Results: The AS usage rate was 35%. In the overall cohort, AS users did not experience poorer OS (HR: 1.47, 95% CI: 0.92 - 2.35, P = 0.10; median, 11.4 versus 17.5 months) or PFS (HR = 1.37, 95% CI: 0.89 - 2.12, P = 0.16; median, 7.6 versus 8.7 months) compared with non-users in multivariate Cox regression analysis. However, subgroup analyses indicated that AS usage was associated with significantly poorer OS and PFS in patients who had fewer or milder comorbidities (Charlson comorbidity index ≤ 2), those with Karnofsky performance status < 90, and never-smokers.

Materials and methods: A retrospective database analysis of 157 patients given erlotinib or gefitinib for EGFR-mutant advanced NSCLC from two institutions was conducted. Patients were classified as AS-users if the periods of AS and anti-EGFR therapy overlapped by ≥ 30%. Overall survival (OS) and progression-free survival (PFS) were assessed according to AS usage.

Conclusions: Concomitant AS therapy did not have an adverse impact on OS and/or PFS in the overall cohort. Our subgroup findings should be regarded exploratory and require replication in a large prospective cohort.

Keywords: NSCLC; drug-drug interactions; erlotinib; gastric acid suppression; gefitinib.

Figure 1. Kaplan-Meier Curve of Overall Survival in the Study Population and Forest Plot of Subgroup Analysis. Panel A.

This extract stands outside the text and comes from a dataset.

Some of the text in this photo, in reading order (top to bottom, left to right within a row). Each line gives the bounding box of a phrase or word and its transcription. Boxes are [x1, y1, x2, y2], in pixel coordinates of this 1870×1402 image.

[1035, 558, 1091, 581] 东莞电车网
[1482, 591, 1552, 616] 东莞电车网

shows the Kaplan-Meier survival curves for AS users and non-users. The median OS was 11.4 months among AS users compared to 17.5 months among non-users (HR = 1.47, 95% CI: 0.92 – 2.35, P = 0.10). Overall survival was adjusted for baseline imbalances and all potentially prognostic clinical characteristics (including patient age, presence of brain metastases, presence of liver metastases, smoking history, race, sex, Karnofsky performance status and Charlson comorbidity index). Panel B. shows the heterogeneity of the treatment effect across clinical and demographic subgroups. In most cases, HRs were consistent with that of the overall cohort; however, the HR for death was increased in females, symptomatic patients (KPS < 90), those with milder or fewer co-morbidities (CCI ≤ 2), and never-smokers who received AS therapy compared to those who did not.

Figure 2. Kaplan-Meier Curve of Progression-Free Survival in the Study Population and Forest Plot of Subgroup Analysis. Panel A.

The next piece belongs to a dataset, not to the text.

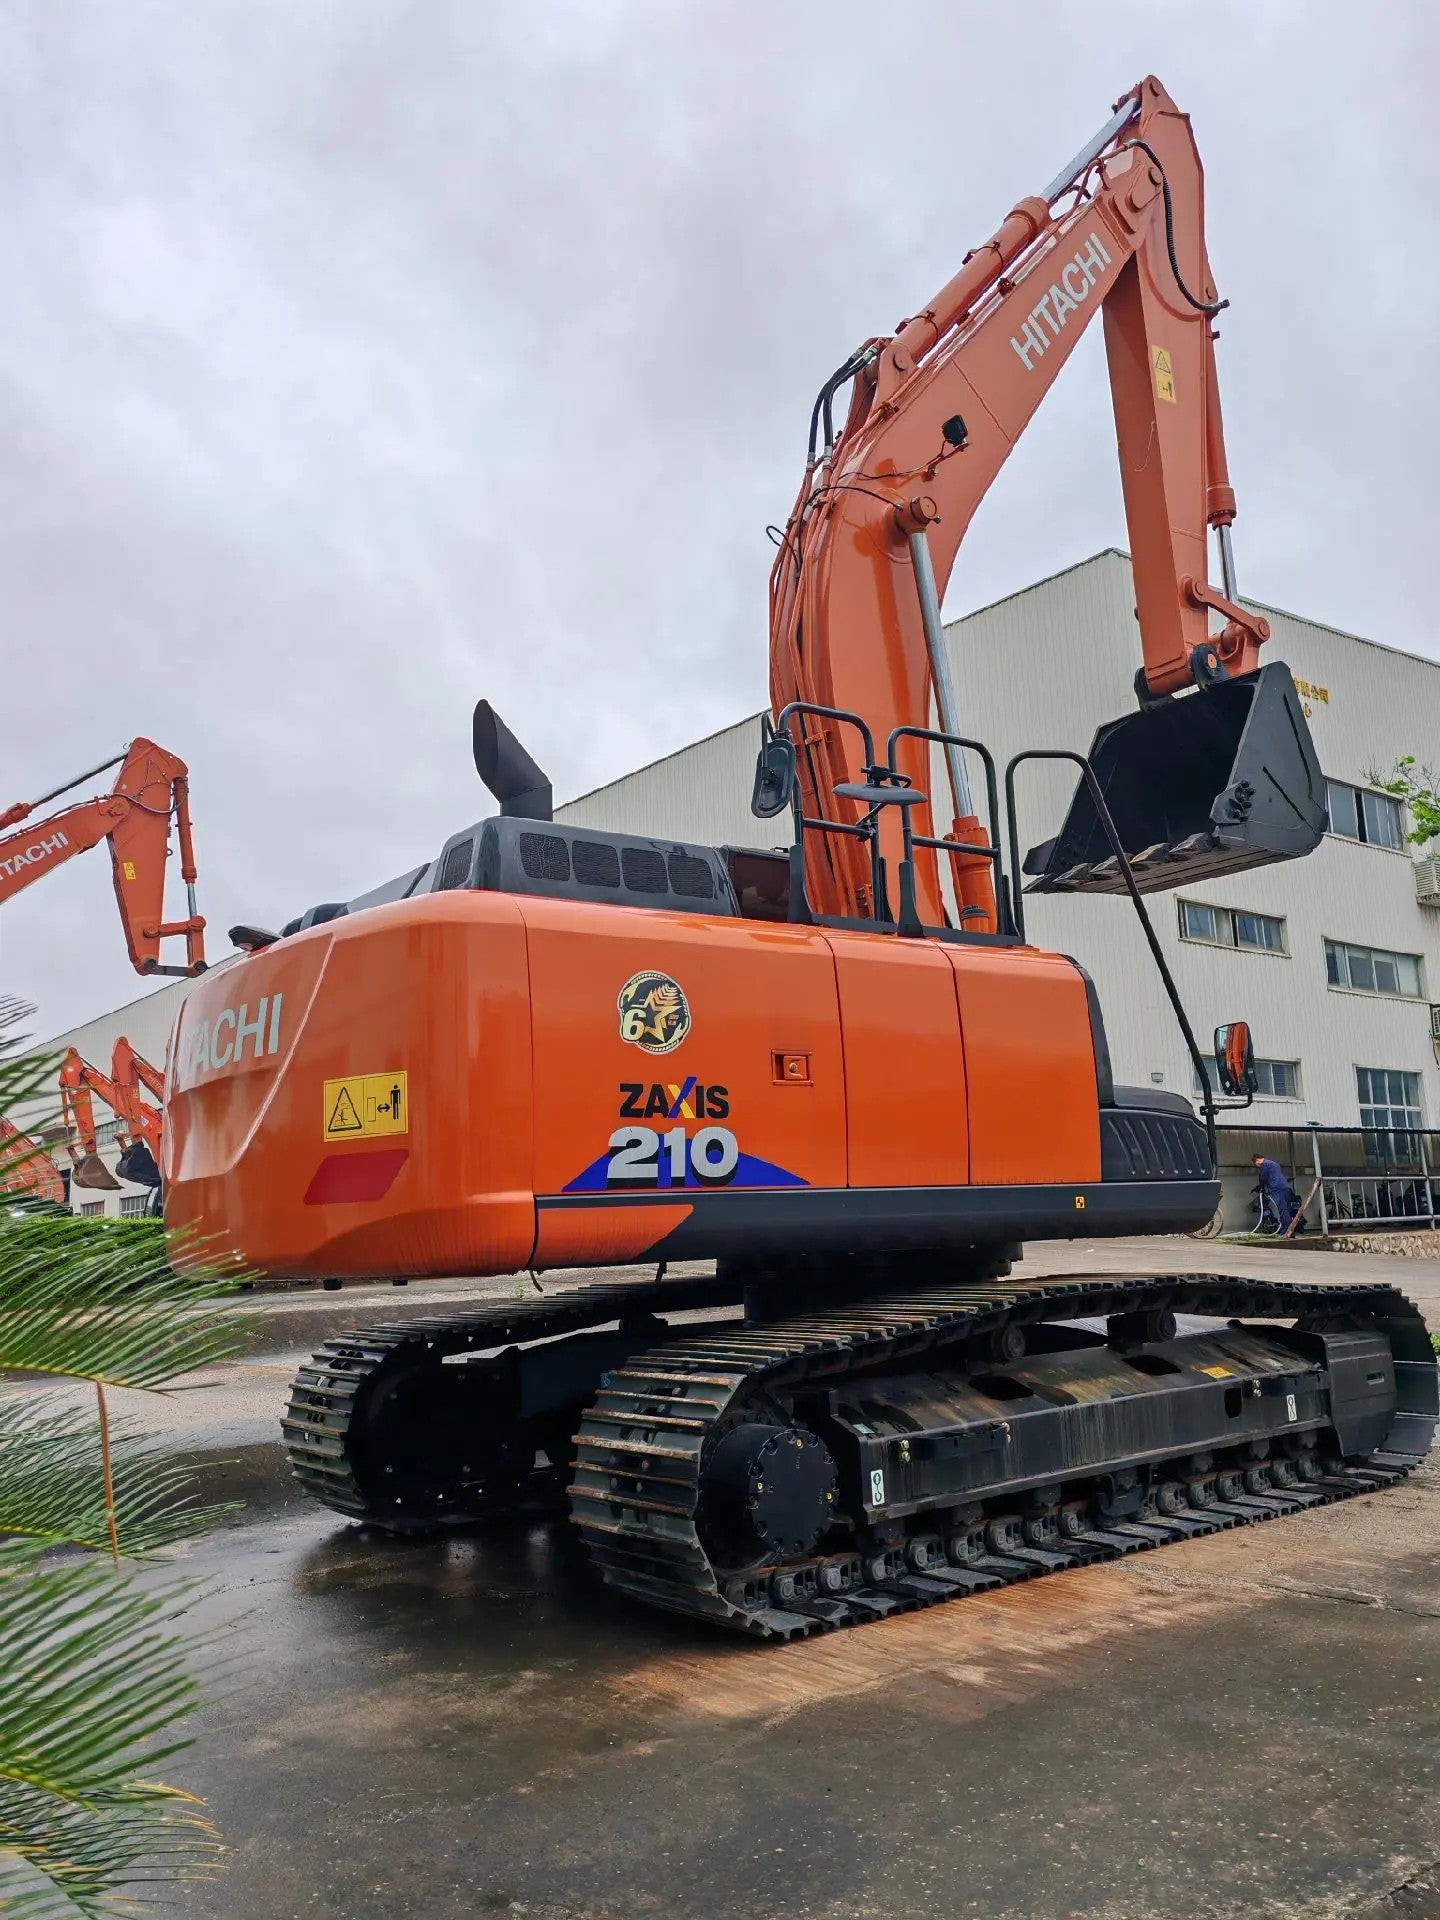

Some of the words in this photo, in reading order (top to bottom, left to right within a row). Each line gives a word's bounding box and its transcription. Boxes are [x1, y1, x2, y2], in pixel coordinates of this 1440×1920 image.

[1009, 232, 1112, 371] HITACHI
[619, 1076, 730, 1119] ZAXIS
[607, 1126, 738, 1184] 210

shows the Kaplan-Meier survival curves for AS users and non-users. The median PFS was among 7.6 months among AS users compared to 8.7 months among non-users (HR = 1.37, 95% CI: 0.89 – 2.12, P = 0.16). There were no censored observations. Multivariate Cox regression was performed to adjust for baseline imbalances and potential confounding clinical variables, as in Figure 1. Panel B. shows the forest plot of the treatment effect in various patient subgroups. As in the case with overall survival, the hazard ratio for progression or death was increased among never-smokers, symptomatic from cancer (KPS < 90) or had fewer or milder co-morbidities (CCI ≤ 2).